**ASSIGNMENT**
Only the line containing "this 2038×1359 image." and those after it, up to the end of the records below, are to be set down, exactly as written.

(Dataset entries)
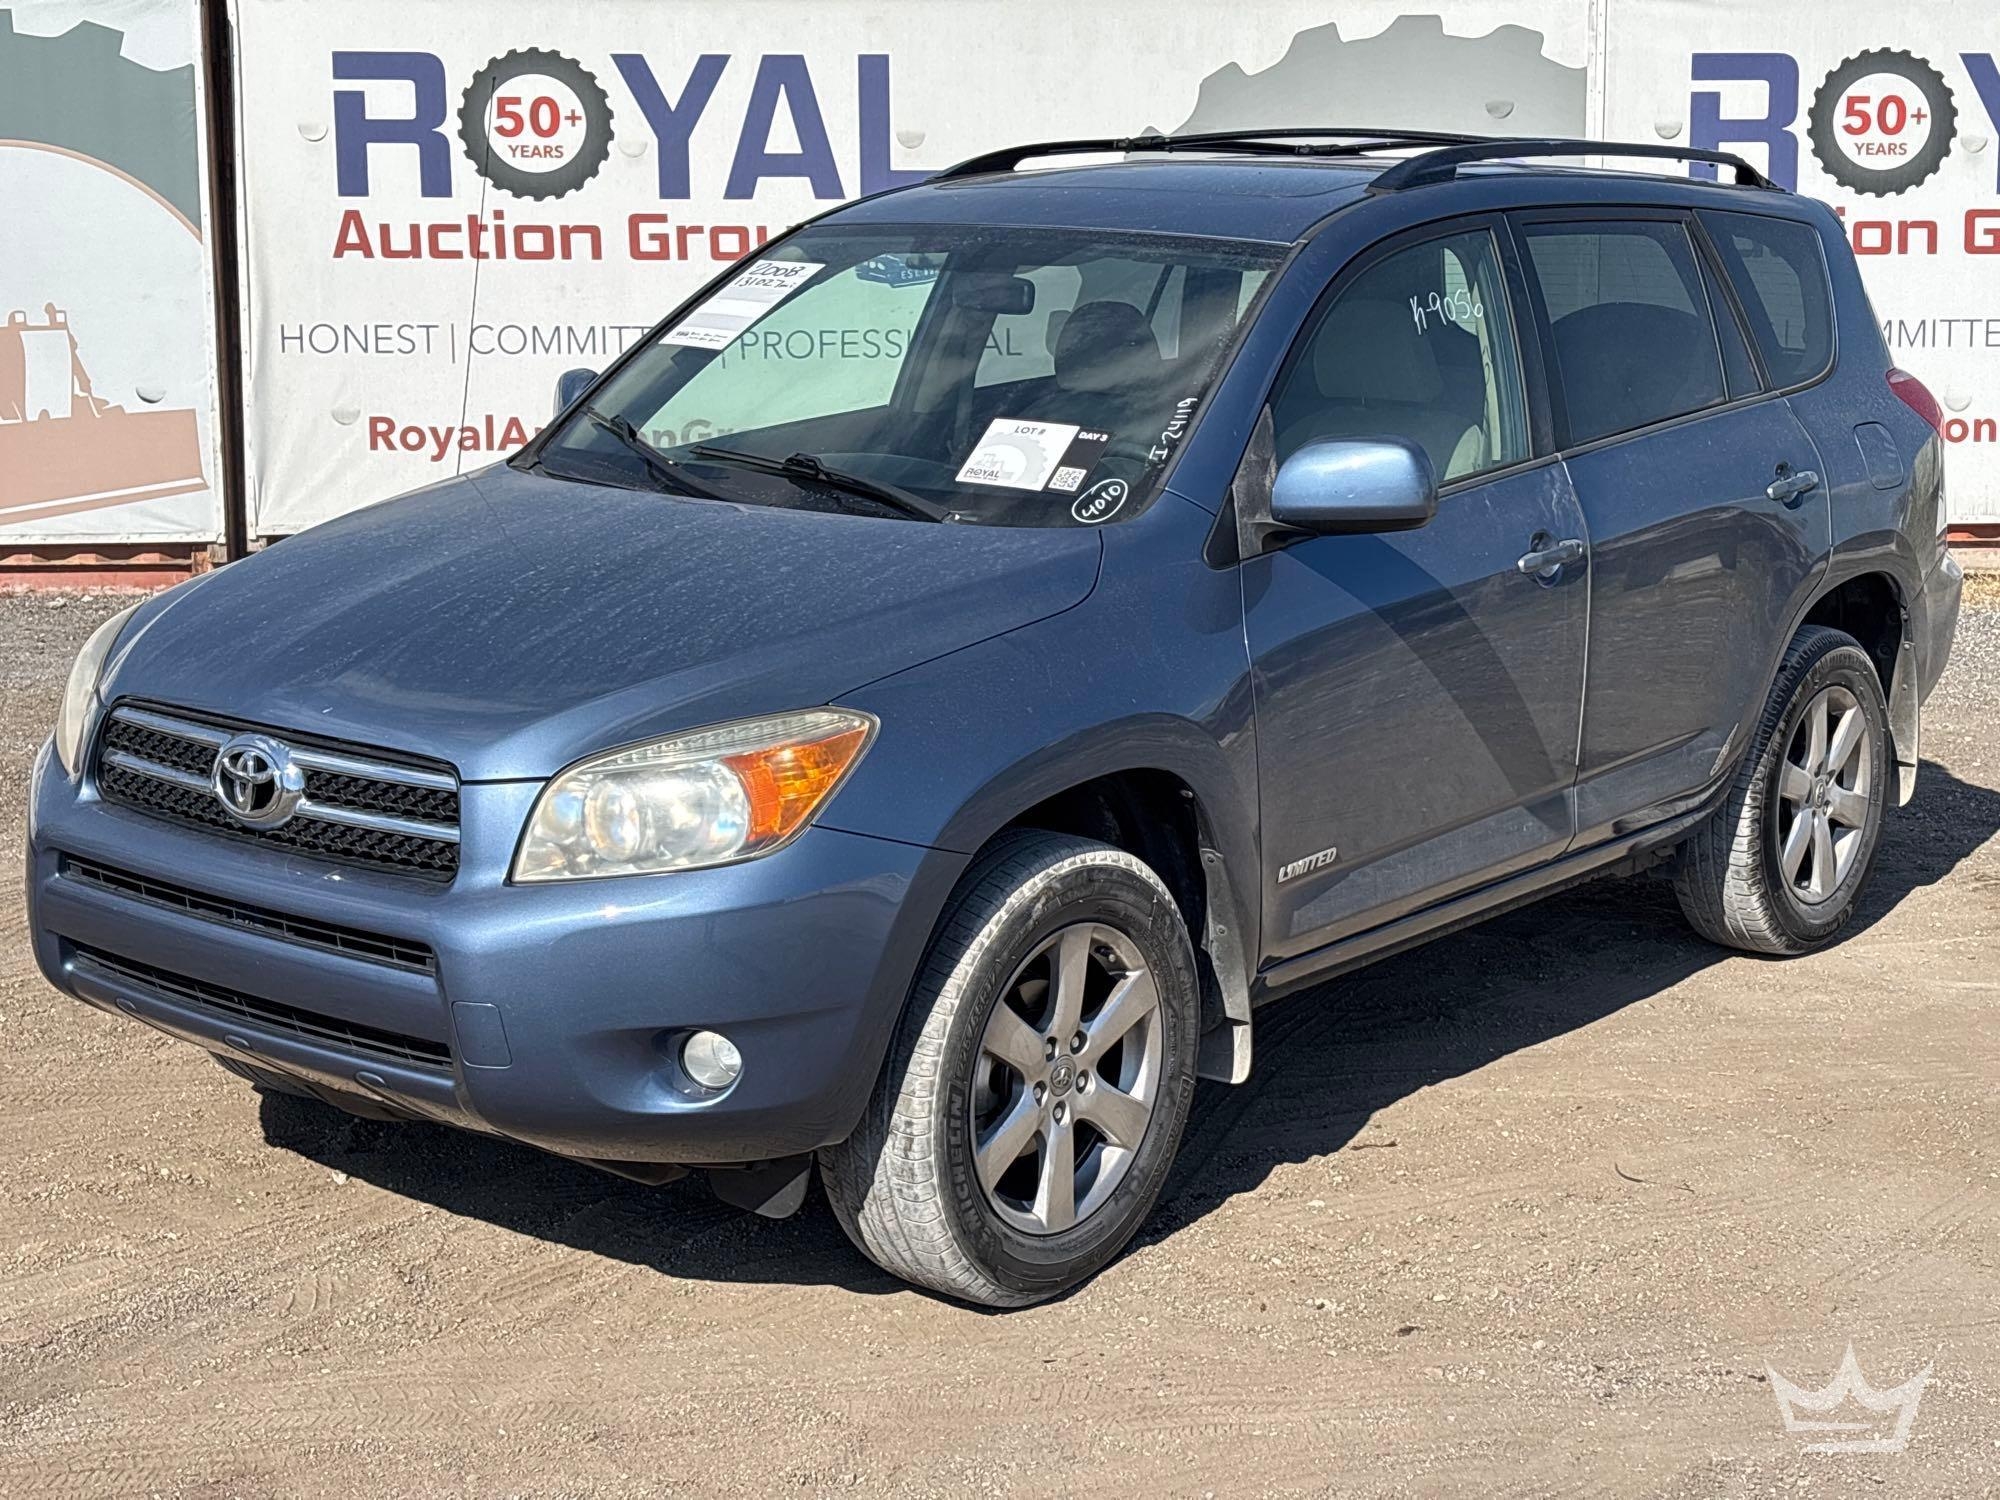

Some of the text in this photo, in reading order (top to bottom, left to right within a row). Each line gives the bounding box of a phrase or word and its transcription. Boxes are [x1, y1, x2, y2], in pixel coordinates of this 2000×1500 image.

[332, 46, 945, 201] ROYAL
[493, 95, 583, 138] 50+
[1842, 94, 1928, 136] 50+
[508, 143, 565, 160] YEARS
[1854, 142, 1908, 156] YEARS
[333, 209, 603, 260] Auction
[749, 262, 806, 278] 2008
[279, 322, 438, 356] HONEST
[1014, 425, 1038, 436] LOT
[1078, 431, 1101, 441] DAY
[965, 467, 1001, 479] ROYAL
[1081, 484, 1122, 518] 4010
[1277, 846, 1338, 884] LIMITED
[949, 1092, 983, 1231] MICHELIN
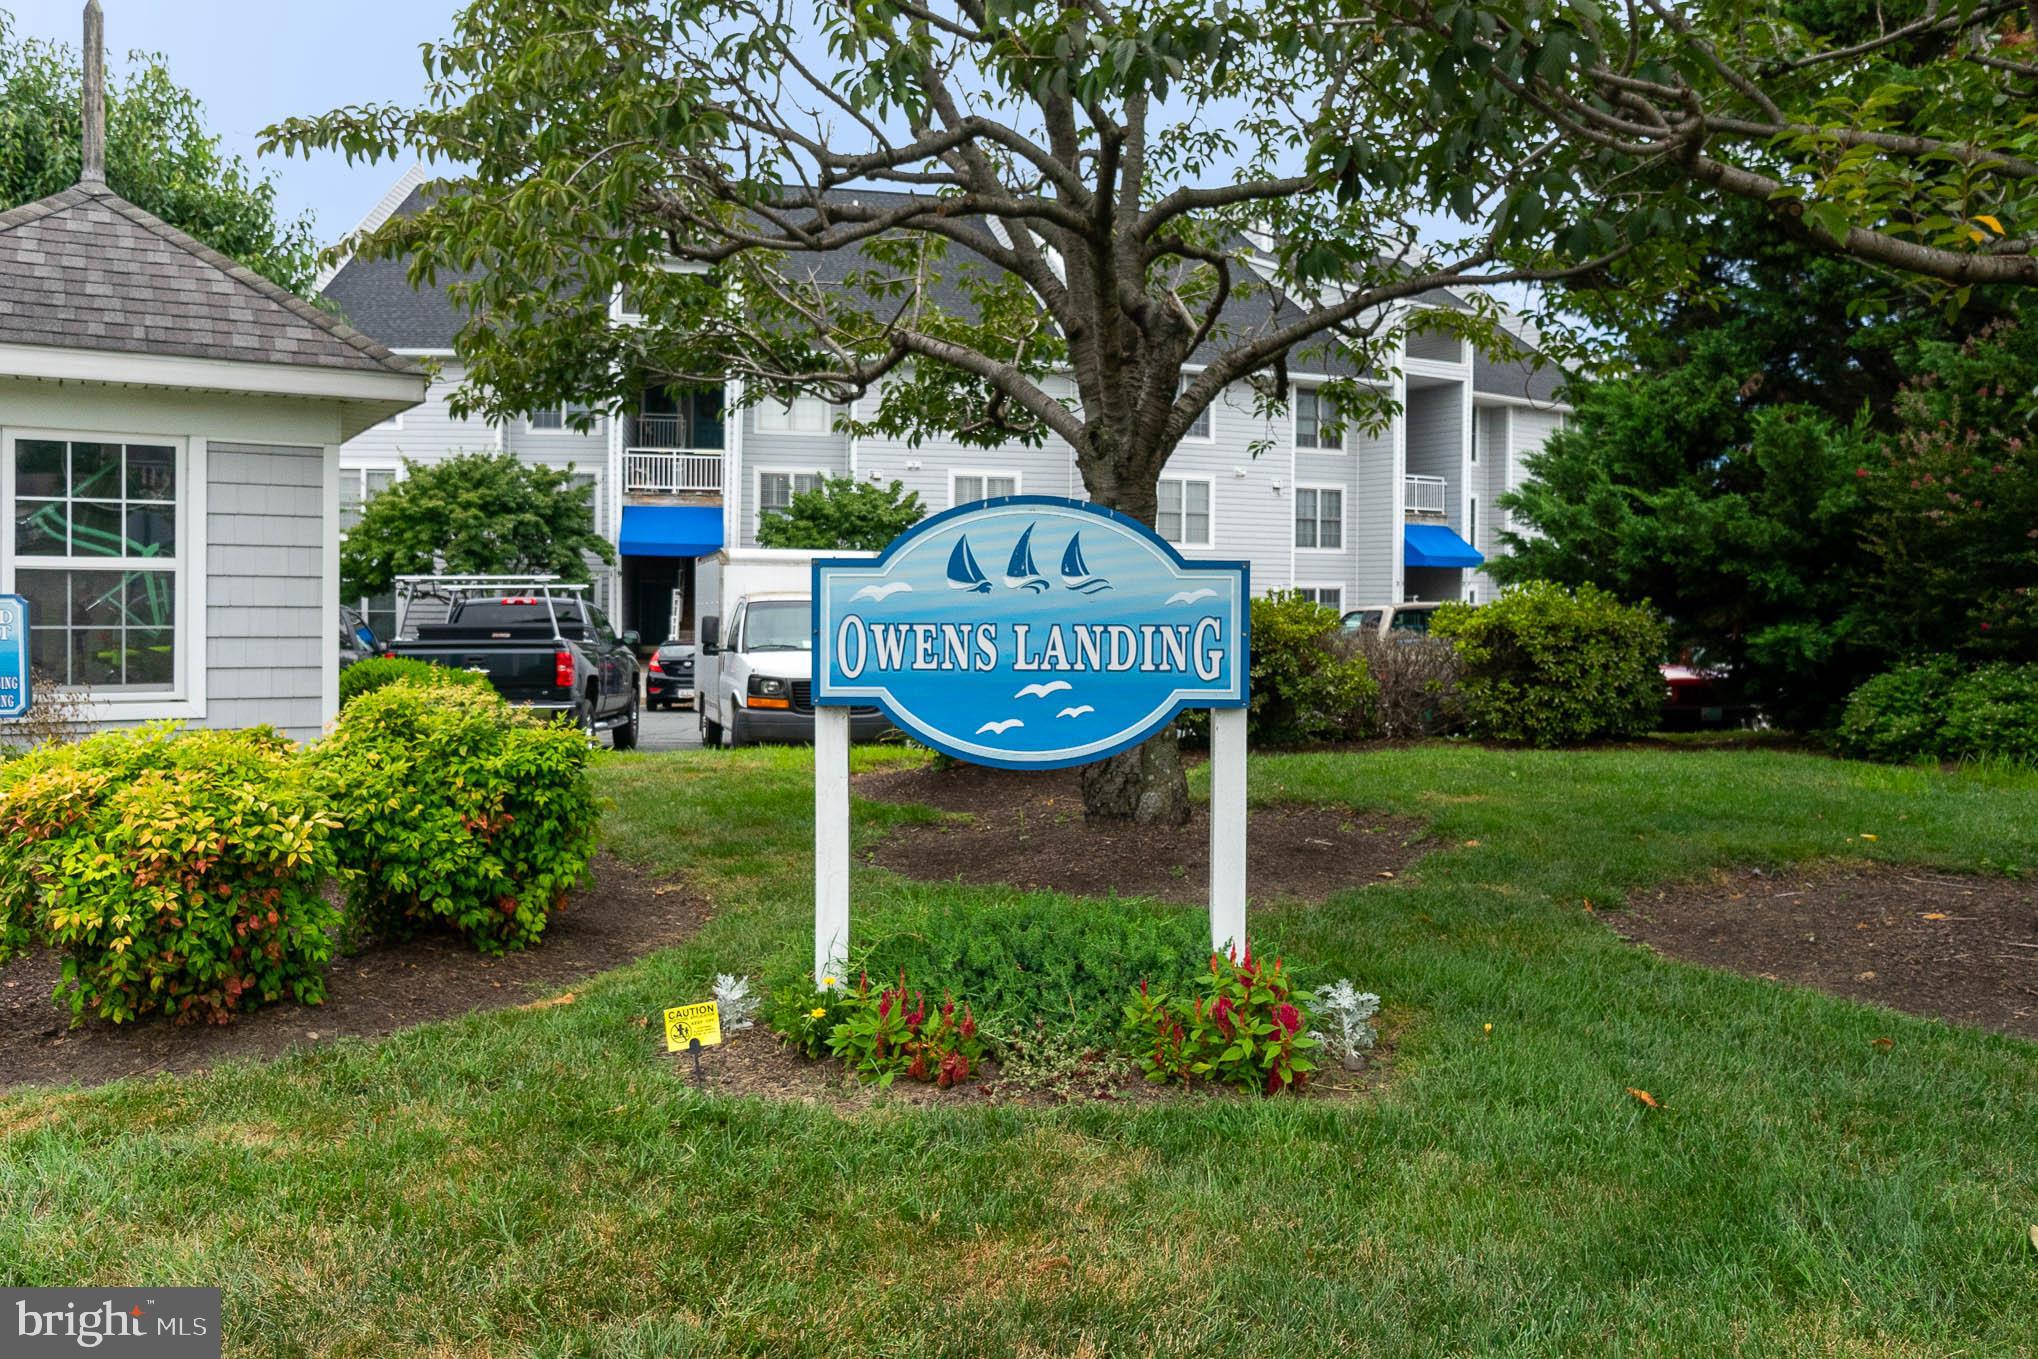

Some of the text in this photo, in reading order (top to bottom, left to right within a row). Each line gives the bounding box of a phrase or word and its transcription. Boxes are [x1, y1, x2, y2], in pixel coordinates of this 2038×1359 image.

[837, 614, 1224, 681] OWENS LANDING
[668, 1005, 714, 1020] CAUTION

**SOLUTION TO THIS TASK**
Some of the text in this photo, in reading order (top to bottom, left to right within a row). Each line gives the bounding box of a phrase or word and its transcription. Boxes are [x1, y1, x2, y2], in pixel coordinates of this 2038×1359 image.

[837, 614, 1224, 681] OWENS LANDING
[668, 1005, 714, 1020] CAUTION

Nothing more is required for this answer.